Should an entry contain an image, leave the image out and repeat the entry's text exactly.

───── Given records

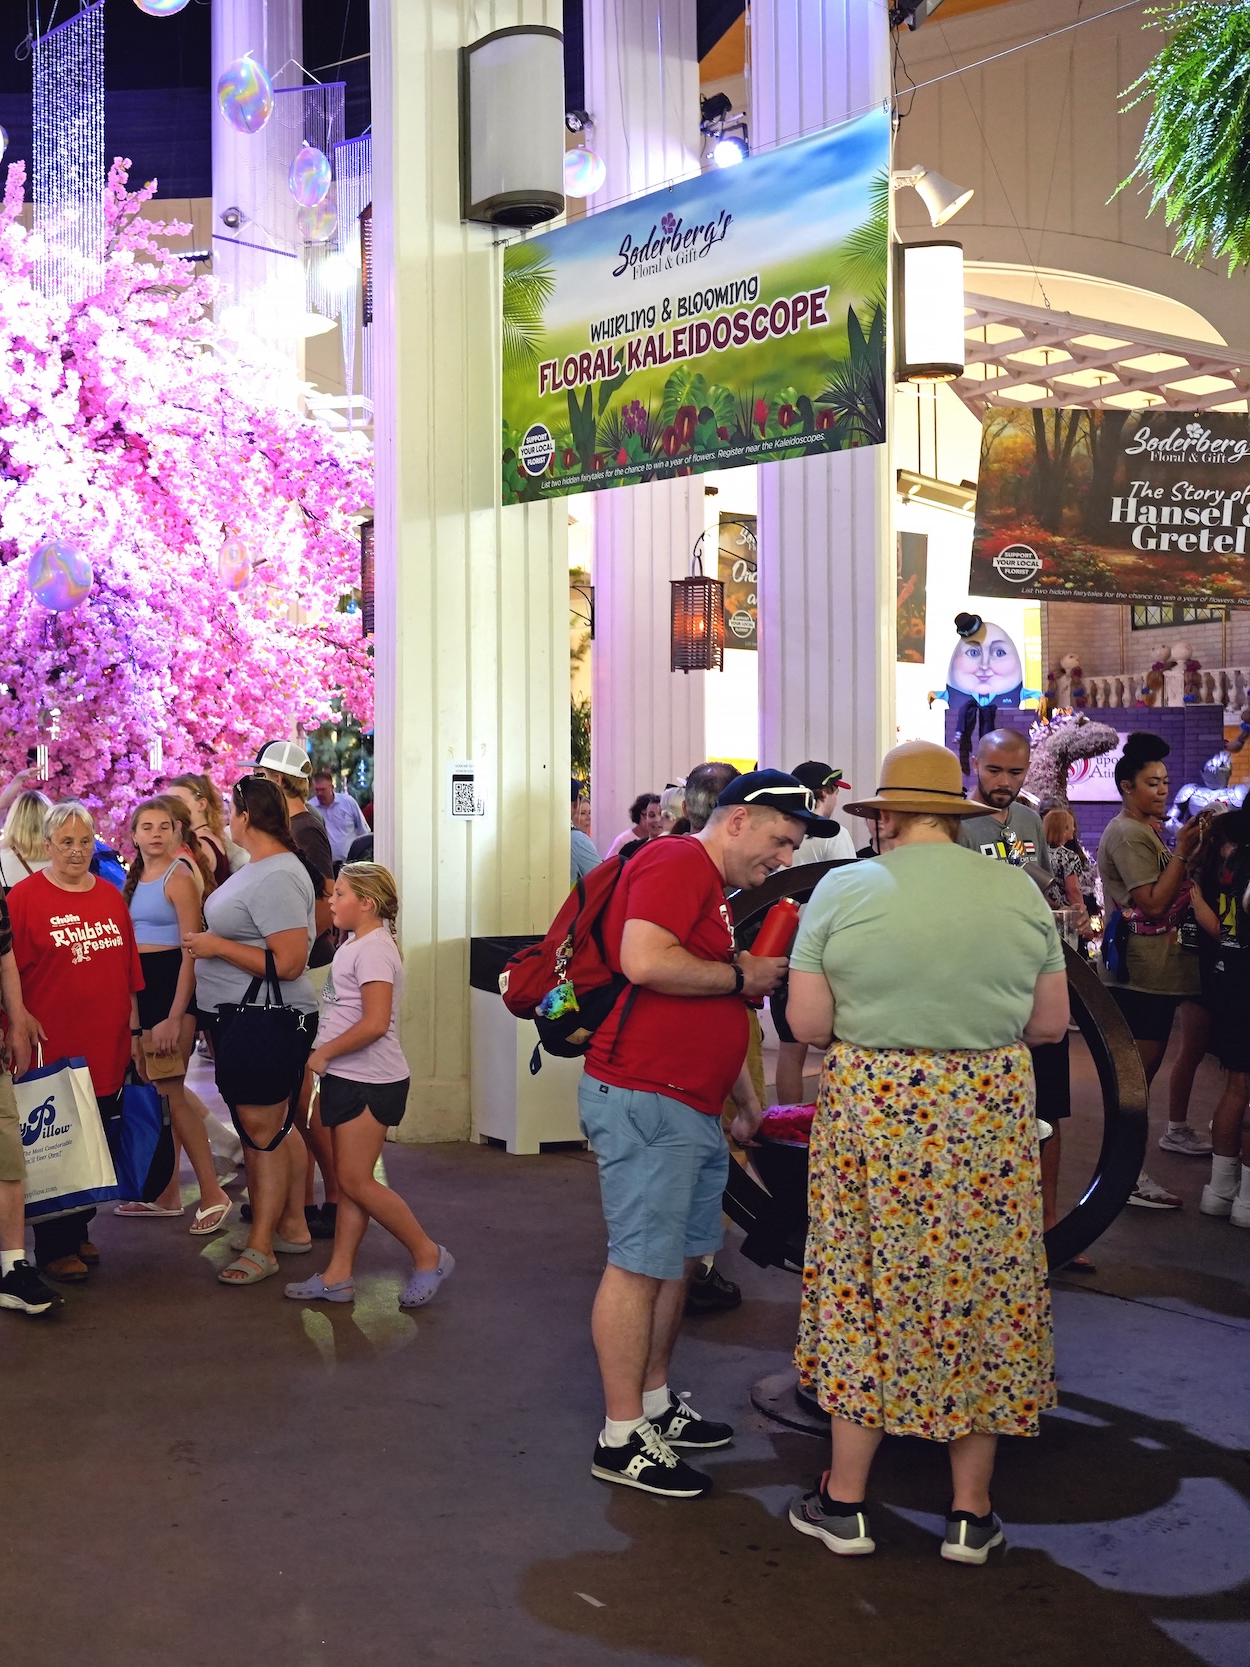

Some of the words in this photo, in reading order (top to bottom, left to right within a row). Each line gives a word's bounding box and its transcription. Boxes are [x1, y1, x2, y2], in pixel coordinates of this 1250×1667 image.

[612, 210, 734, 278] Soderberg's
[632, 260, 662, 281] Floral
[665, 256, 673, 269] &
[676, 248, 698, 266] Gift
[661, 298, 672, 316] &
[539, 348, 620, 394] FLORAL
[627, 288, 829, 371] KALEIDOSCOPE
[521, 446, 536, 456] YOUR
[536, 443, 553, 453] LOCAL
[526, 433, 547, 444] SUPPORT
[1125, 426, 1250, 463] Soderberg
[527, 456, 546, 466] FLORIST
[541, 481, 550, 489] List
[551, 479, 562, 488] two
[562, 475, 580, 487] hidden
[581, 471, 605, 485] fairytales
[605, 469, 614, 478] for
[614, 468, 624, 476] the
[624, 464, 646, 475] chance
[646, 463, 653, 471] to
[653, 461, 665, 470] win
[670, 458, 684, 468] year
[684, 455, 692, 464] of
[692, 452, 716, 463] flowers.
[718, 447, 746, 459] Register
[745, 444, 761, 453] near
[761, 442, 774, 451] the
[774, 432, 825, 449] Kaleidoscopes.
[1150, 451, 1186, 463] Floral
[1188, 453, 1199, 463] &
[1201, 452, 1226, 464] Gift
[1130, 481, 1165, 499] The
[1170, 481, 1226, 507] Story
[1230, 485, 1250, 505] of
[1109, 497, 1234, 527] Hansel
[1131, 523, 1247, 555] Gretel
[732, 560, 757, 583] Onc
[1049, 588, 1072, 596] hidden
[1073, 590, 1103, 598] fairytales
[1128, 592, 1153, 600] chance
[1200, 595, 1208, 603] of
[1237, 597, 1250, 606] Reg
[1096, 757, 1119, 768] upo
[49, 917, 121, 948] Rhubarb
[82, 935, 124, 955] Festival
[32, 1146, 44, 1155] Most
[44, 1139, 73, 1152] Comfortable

──────────

Task answer:
Some of the words in this photo, in reading order (top to bottom, left to right within a row). Each line gives a word's bounding box and its transcription. Boxes are [x1, y1, x2, y2], in pixel coordinates of this 1250×1667 image.

[612, 210, 734, 278] Soderberg's
[632, 260, 662, 281] Floral
[665, 256, 673, 269] &
[676, 248, 698, 266] Gift
[661, 298, 672, 316] &
[539, 348, 620, 394] FLORAL
[627, 288, 829, 371] KALEIDOSCOPE
[521, 446, 536, 456] YOUR
[536, 443, 553, 453] LOCAL
[526, 433, 547, 444] SUPPORT
[1125, 426, 1250, 463] Soderberg
[527, 456, 546, 466] FLORIST
[541, 481, 550, 489] List
[551, 479, 562, 488] two
[562, 475, 580, 487] hidden
[581, 471, 605, 485] fairytales
[605, 469, 614, 478] for
[614, 468, 624, 476] the
[624, 464, 646, 475] chance
[646, 463, 653, 471] to
[653, 461, 665, 470] win
[670, 458, 684, 468] year
[684, 455, 692, 464] of
[692, 452, 716, 463] flowers.
[718, 447, 746, 459] Register
[745, 444, 761, 453] near
[761, 442, 774, 451] the
[774, 432, 825, 449] Kaleidoscopes.
[1150, 451, 1186, 463] Floral
[1188, 453, 1199, 463] &
[1201, 452, 1226, 464] Gift
[1130, 481, 1165, 499] The
[1170, 481, 1226, 507] Story
[1230, 485, 1250, 505] of
[1109, 497, 1234, 527] Hansel
[1131, 523, 1247, 555] Gretel
[732, 560, 757, 583] Onc
[1049, 588, 1072, 596] hidden
[1073, 590, 1103, 598] fairytales
[1128, 592, 1153, 600] chance
[1200, 595, 1208, 603] of
[1237, 597, 1250, 606] Reg
[1096, 757, 1119, 768] upo
[49, 917, 121, 948] Rhubarb
[82, 935, 124, 955] Festival
[32, 1146, 44, 1155] Most
[44, 1139, 73, 1152] Comfortable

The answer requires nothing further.